Ted Nordhaus: Environmentalism is Antithetical to Abundance

From the Breakthrough Journal: 20 years ago this month, I published an essay called “The Death of Environmentalism” that anticipated the rise of the Abundance Movement. In the essay, I argued that modern environmentalism was incapable of solving climate change because climate change was, at bottom, not a pollution problem that could be solved by taxing or regulating carbon emissions. Instead, it was a technology and infrastructure problem that would require public investment in innovation.

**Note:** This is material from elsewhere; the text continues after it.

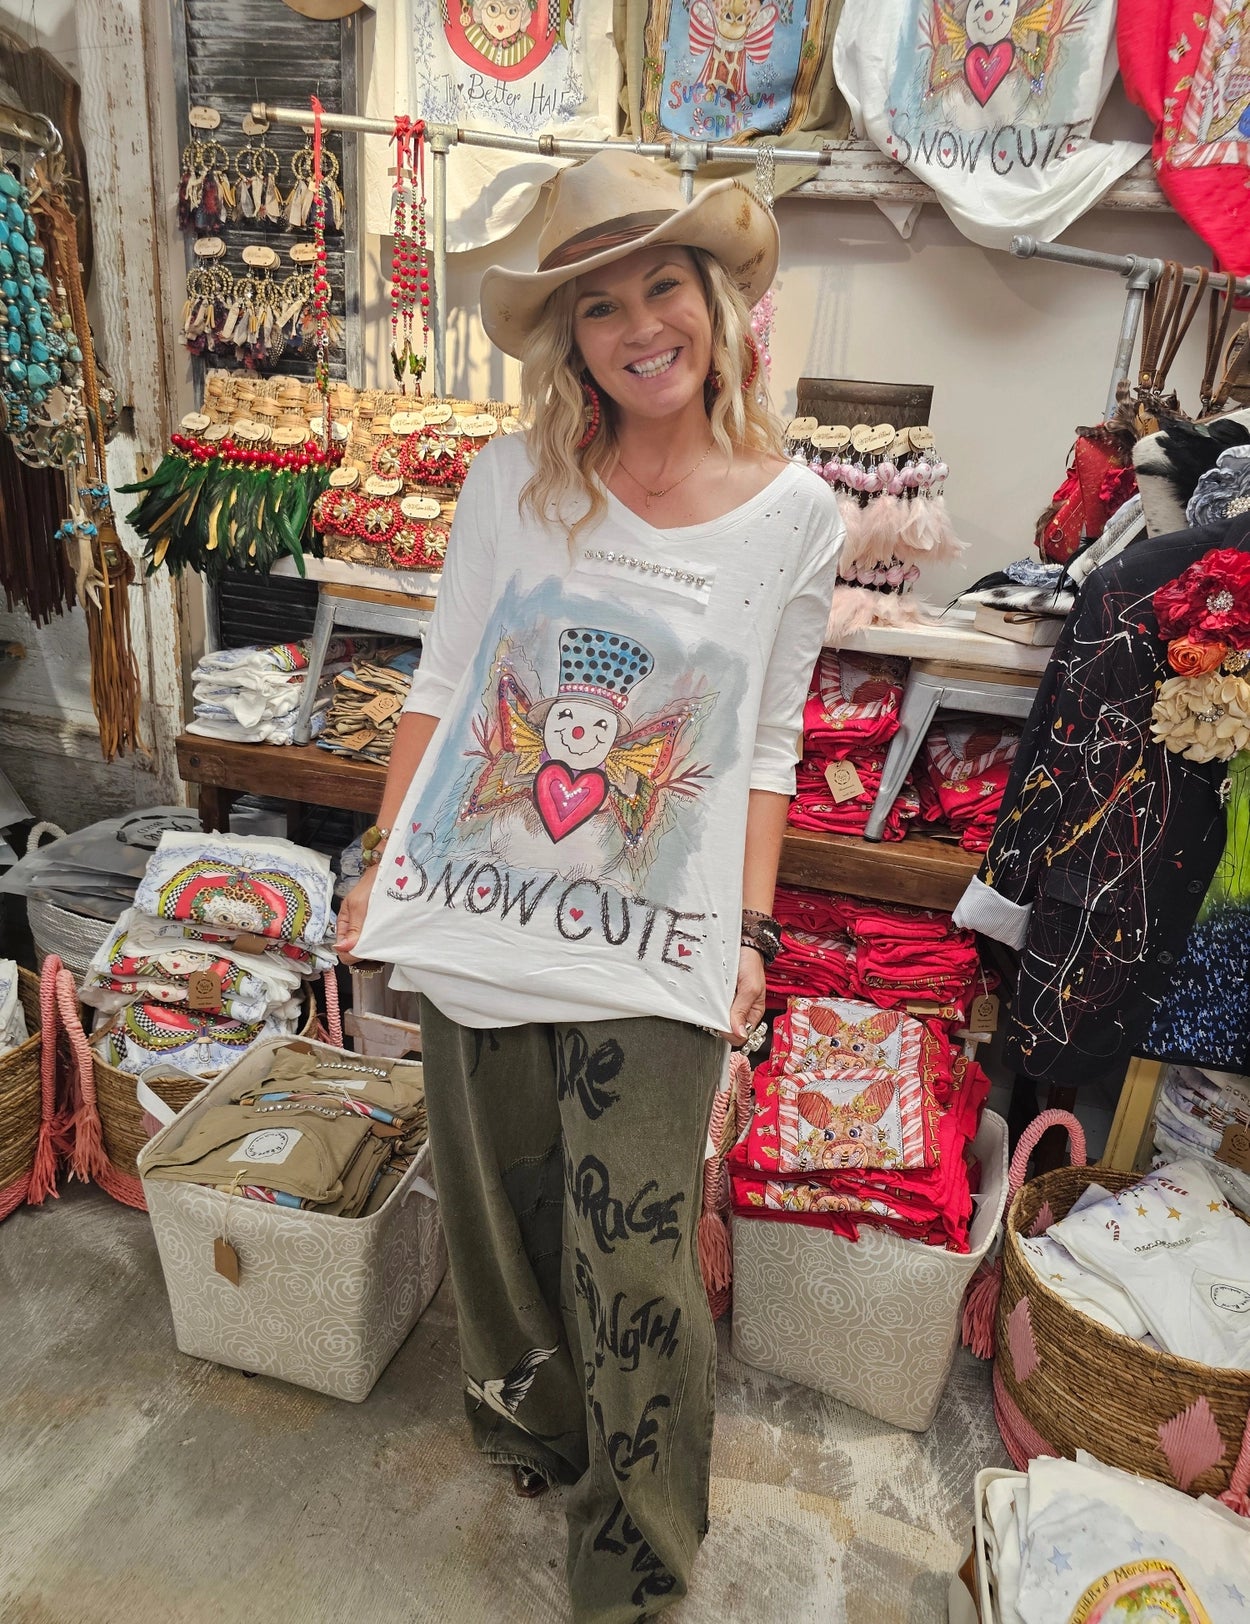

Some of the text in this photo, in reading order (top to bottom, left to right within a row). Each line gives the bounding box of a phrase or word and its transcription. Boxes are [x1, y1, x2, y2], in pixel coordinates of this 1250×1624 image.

[891, 112, 1093, 176] SNOW CUTE
[386, 831, 706, 972] SNOW CUTE

That argument, I think it’s fair to say, won the day over the last two decades. Indeed, if anything, there is growing recognition that not only is solving climate change not, centrally, a regulatory problem, but in fact it is a deregulatory problem. Innovating, building infrastructure, and deploying technology at the scale that it will take to effectively combat climate change will require reforming much of the environmental regulatory policy that the last generation of environmentalists established in the 1960’s and 70’s. So today, I want to talk about some of the key lessons from the essay that I think it is important for the Abundance Movement to keep in mind.

So first, let’s take a quick walk down memory lane. Back when I published “The Death of Environmentalism,” the dominant view of the climate problem was that it was just a really big air pollution problem, acid rain on steroids if you will, that would be solved the same way that environmentalists had solved air pollution problems in the 1960s and 70s, by regulating carbon pollution.

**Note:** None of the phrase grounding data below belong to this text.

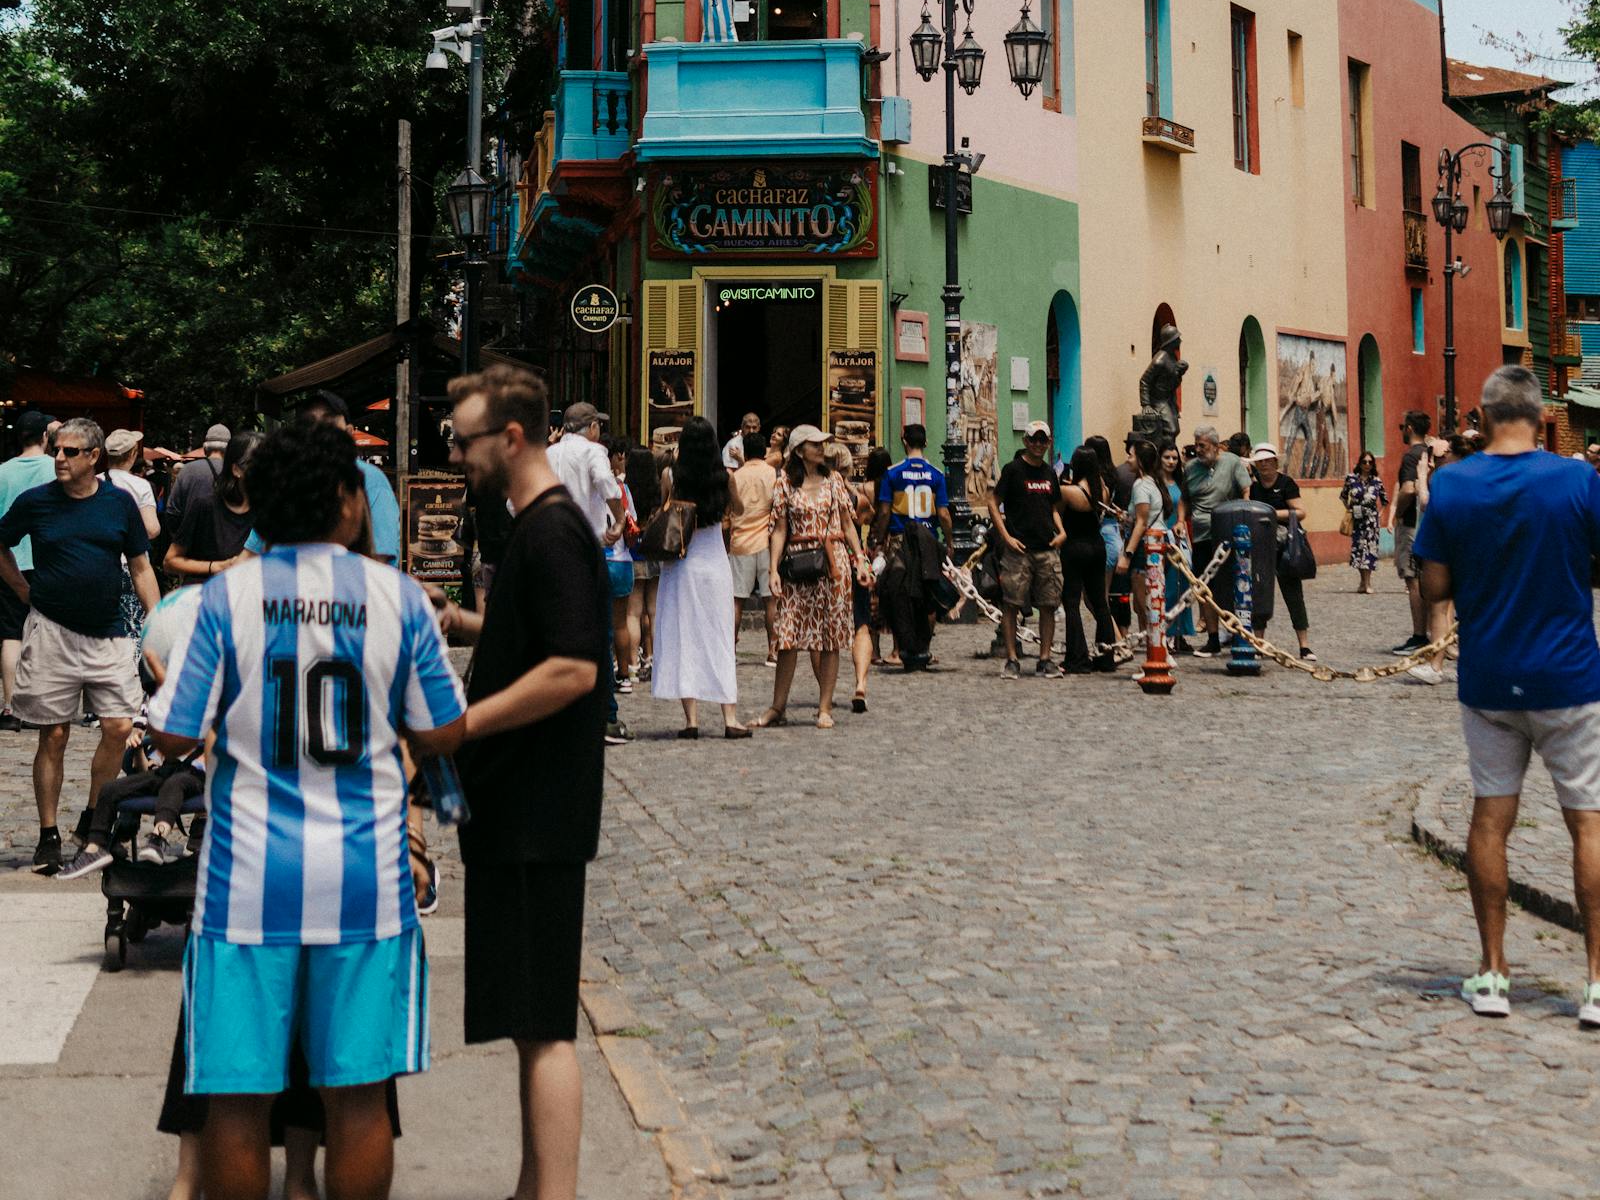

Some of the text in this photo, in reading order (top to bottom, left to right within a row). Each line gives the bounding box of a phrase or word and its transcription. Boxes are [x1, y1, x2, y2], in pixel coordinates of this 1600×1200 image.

[689, 204, 836, 238] CAMINITO
[723, 239, 799, 247] BUENOS AIRES
[720, 287, 815, 302] @VISITCAMINITO
[582, 314, 607, 322] CAMINITO
[652, 357, 693, 366] ALFAJOR
[832, 357, 874, 366] ALFAJOR
[904, 484, 932, 519] 10
[422, 560, 454, 568] CAMINITO
[263, 599, 367, 628] MARADONA
[267, 654, 366, 770] 10

The Death of Environmentalism said that was wrong, that climate change was not really an according to hoyle pollution problem at all. Carbon dioxide was not a trace pollutant resulting from a relatively small set of commercial and industrial applications. It was everywhere, completely intertwined with virtually every aspect of industrial modernity.

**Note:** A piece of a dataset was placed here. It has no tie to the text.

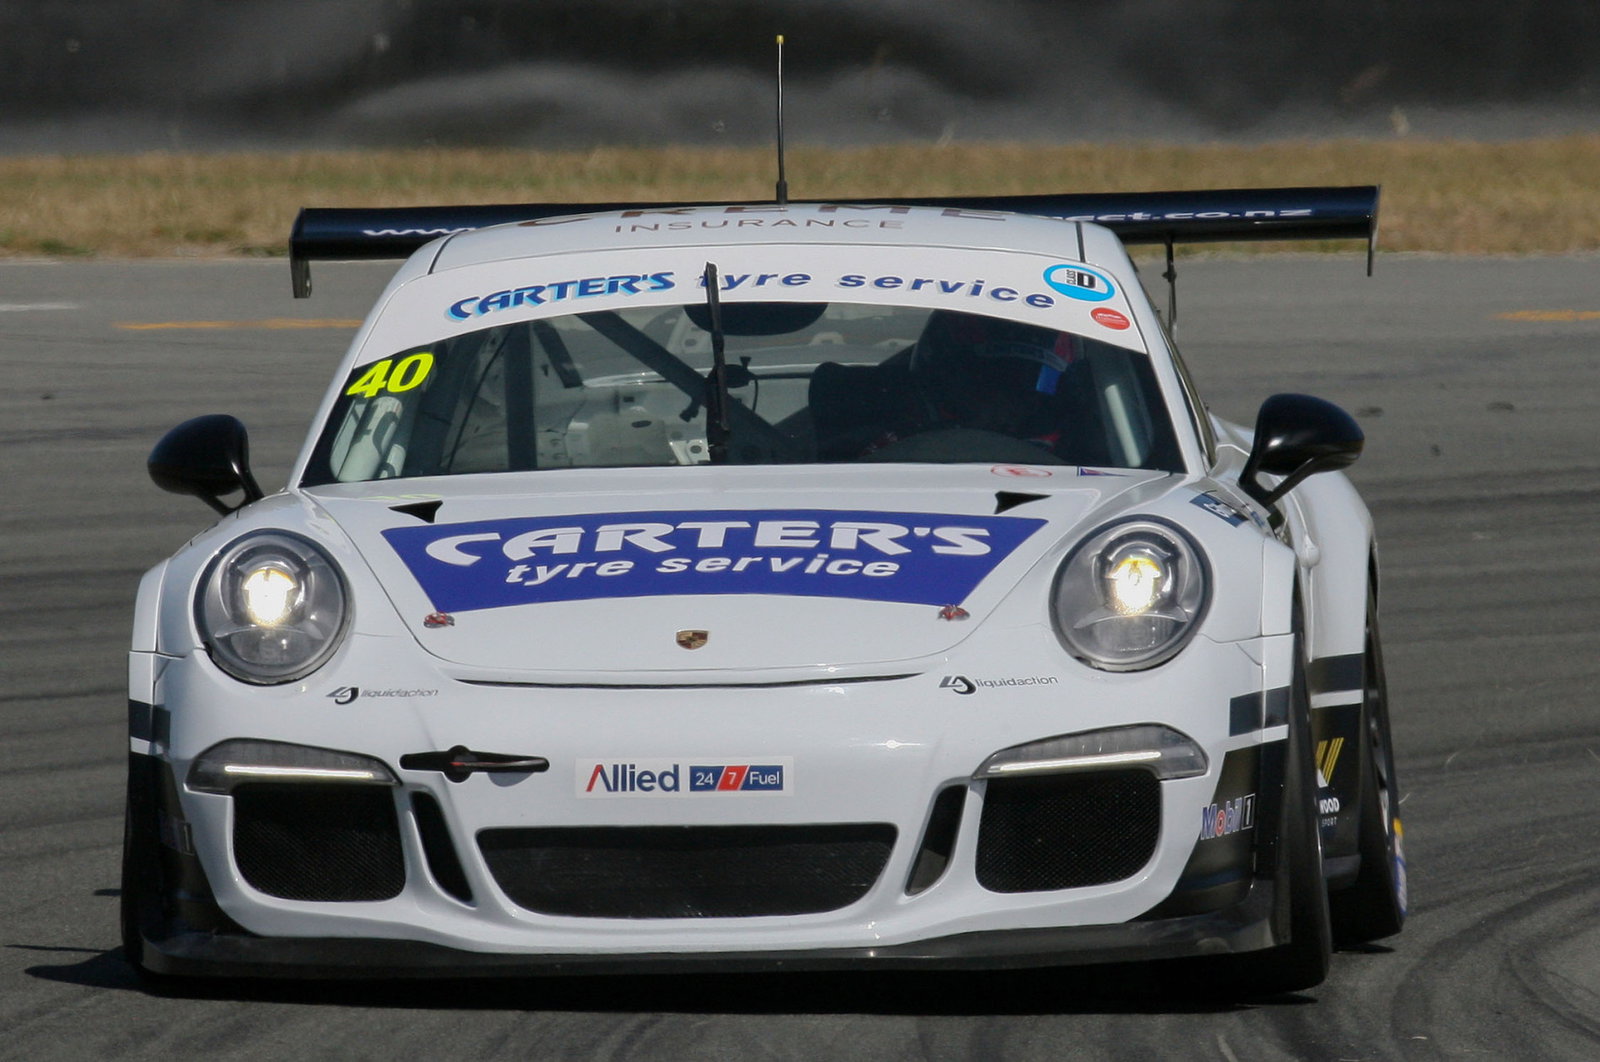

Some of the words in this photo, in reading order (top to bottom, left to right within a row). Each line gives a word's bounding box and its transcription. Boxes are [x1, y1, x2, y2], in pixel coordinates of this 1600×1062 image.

Because stopping the planet from warming requires that we stop emitting carbon dioxide entirely, that means that to effectively mitigate climate change, you have to build an entirely new energy economy. The essay argued that the modern environmental movement was spectacularly ill-suited—temperamentally, ideologically, and institutionally—to lead such an effort. A movement that centrally proposed to draw a circle around a thing called the environment, to speak for it politically, and protect it from us was simply not going to be serious about building the new worlds that we need to build so that both humans and the natural world might thrive.

More here.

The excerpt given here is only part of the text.